- **What is being asked**:
What follows is a set of records; repeat them exactly, without the pictures.

+++

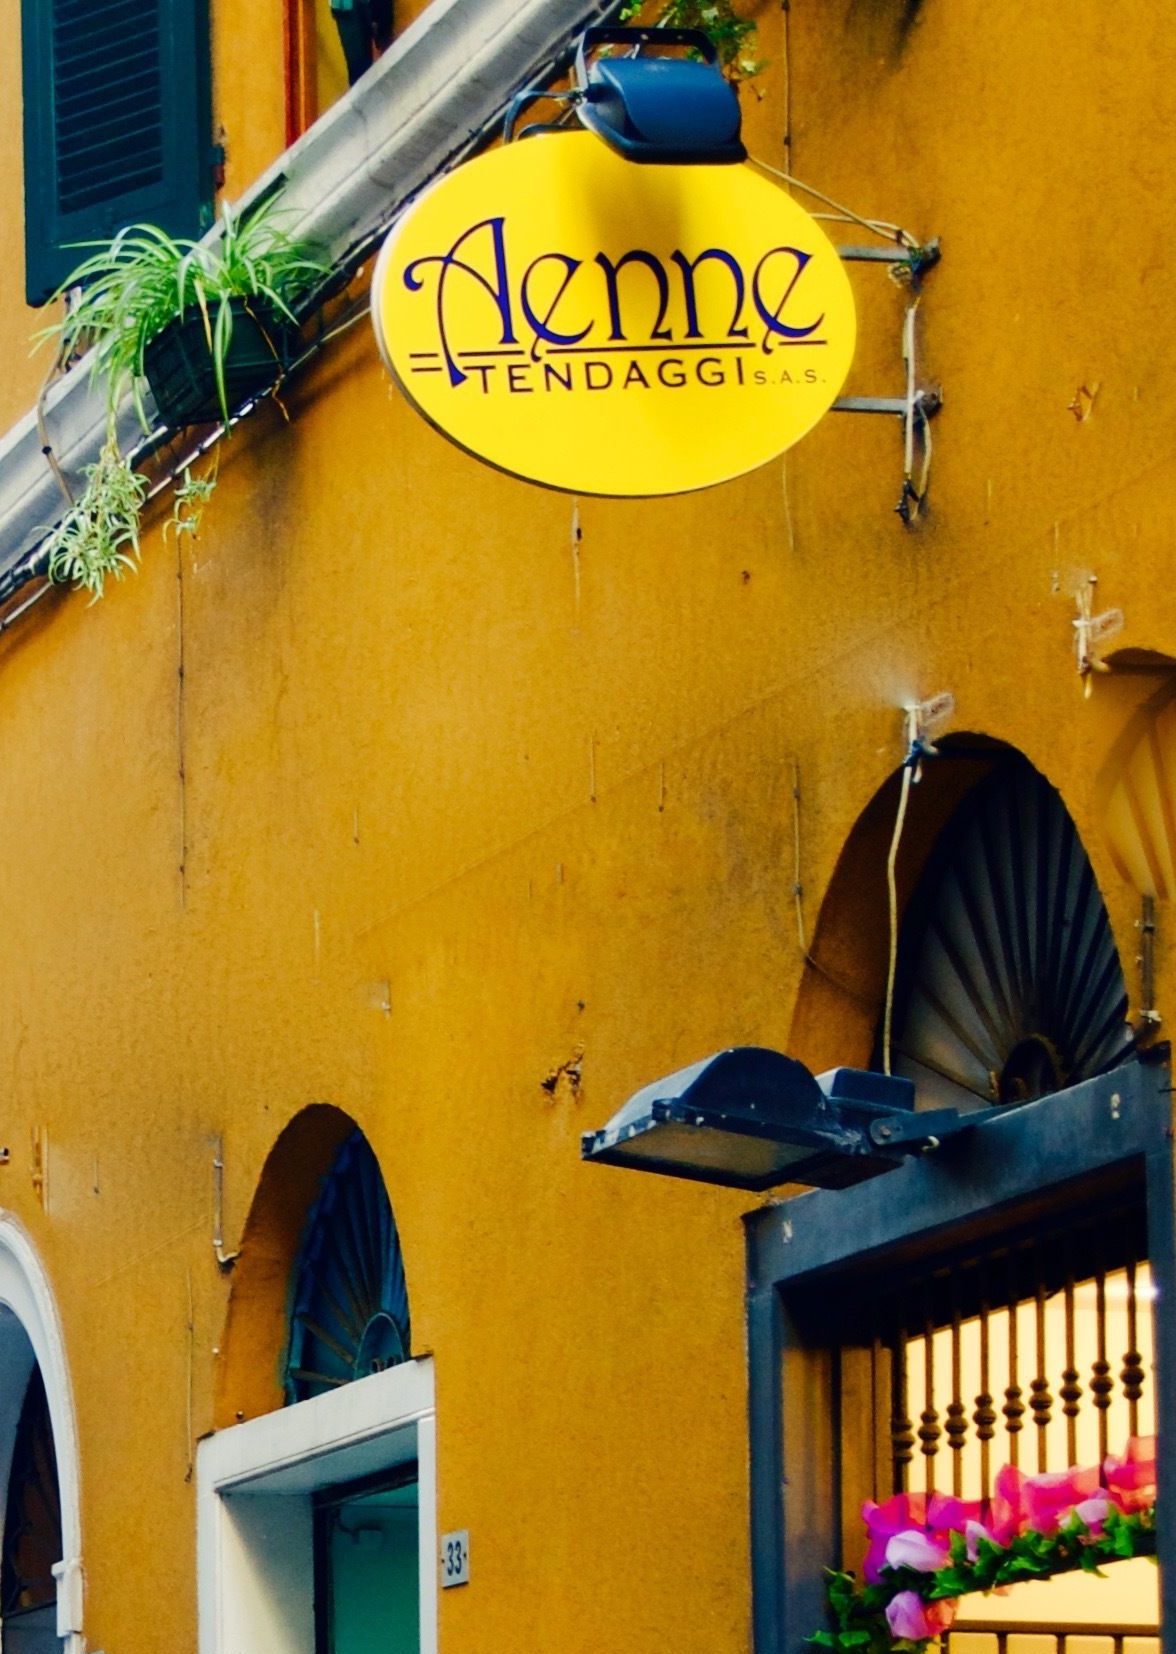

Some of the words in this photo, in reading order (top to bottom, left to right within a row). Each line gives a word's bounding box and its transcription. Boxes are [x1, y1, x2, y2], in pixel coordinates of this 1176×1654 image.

[403, 216, 825, 389] Aenne
[464, 355, 745, 395] TENDAGGI
[753, 367, 827, 387] S.A.S.
[447, 1540, 462, 1576] 33
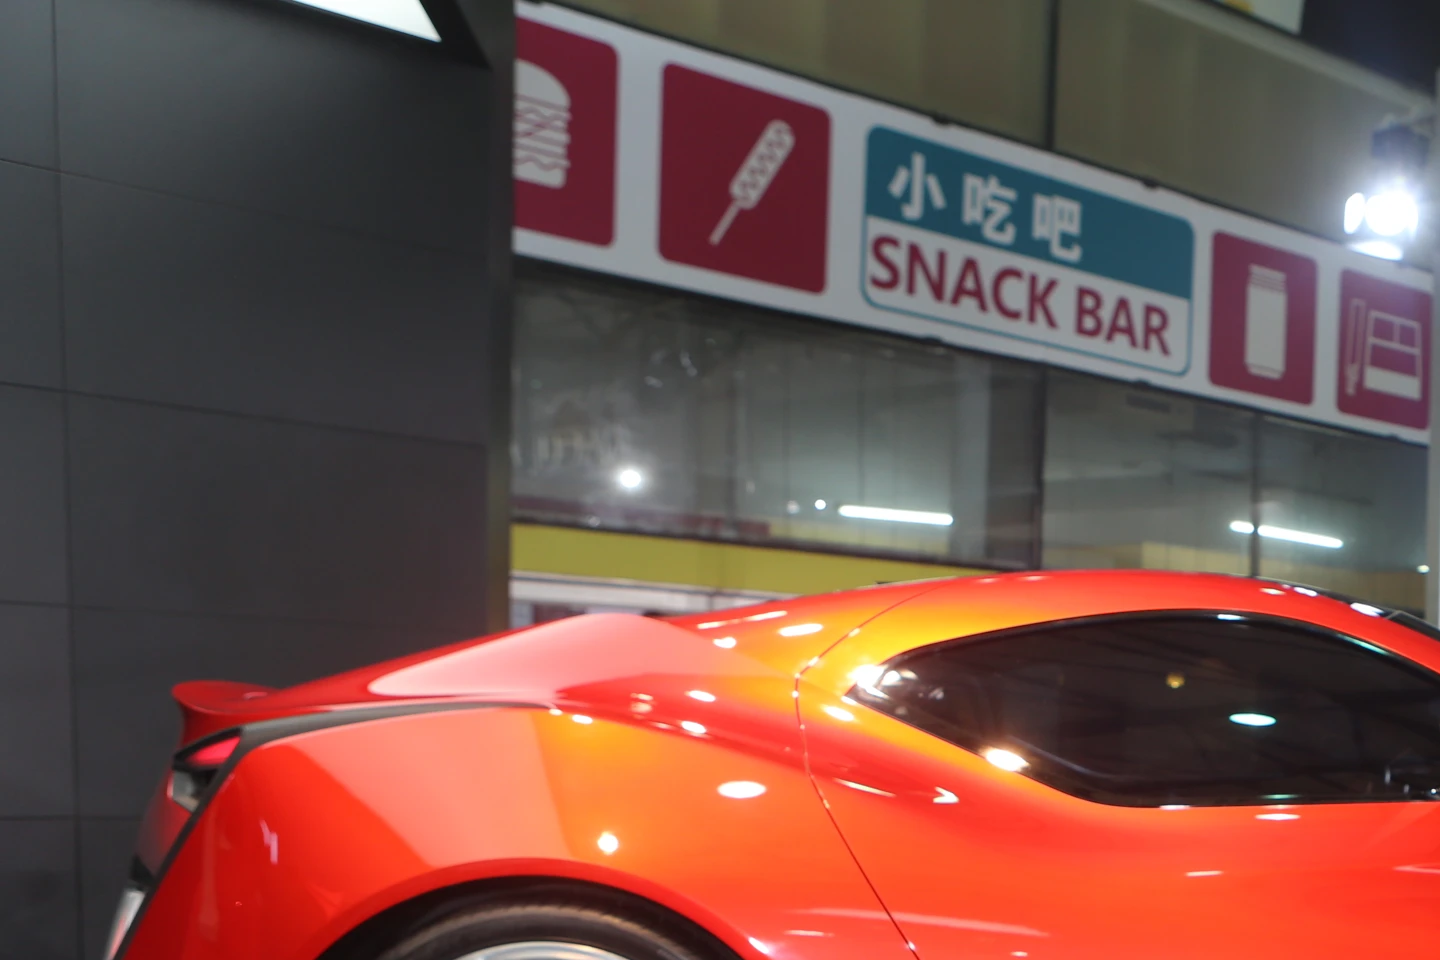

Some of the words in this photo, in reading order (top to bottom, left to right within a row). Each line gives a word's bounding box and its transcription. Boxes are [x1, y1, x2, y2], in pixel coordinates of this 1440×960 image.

+++

- **Written solution**:
Some of the words in this photo, in reading order (top to bottom, left to right within a row). Each line gives a word's bounding box and its transcription. Boxes are [x1, y1, x2, y2], in pixel coordinates of this 1176×1654 image.

[403, 216, 825, 389] Aenne
[464, 355, 745, 395] TENDAGGI
[753, 367, 827, 387] S.A.S.
[447, 1540, 462, 1576] 33

Some of the words in this photo, in reading order (top to bottom, left to right within a row). Each line gives a word's bounding box and its transcription. Boxes are [x1, y1, x2, y2], in pixel coordinates of this 1440×960 image.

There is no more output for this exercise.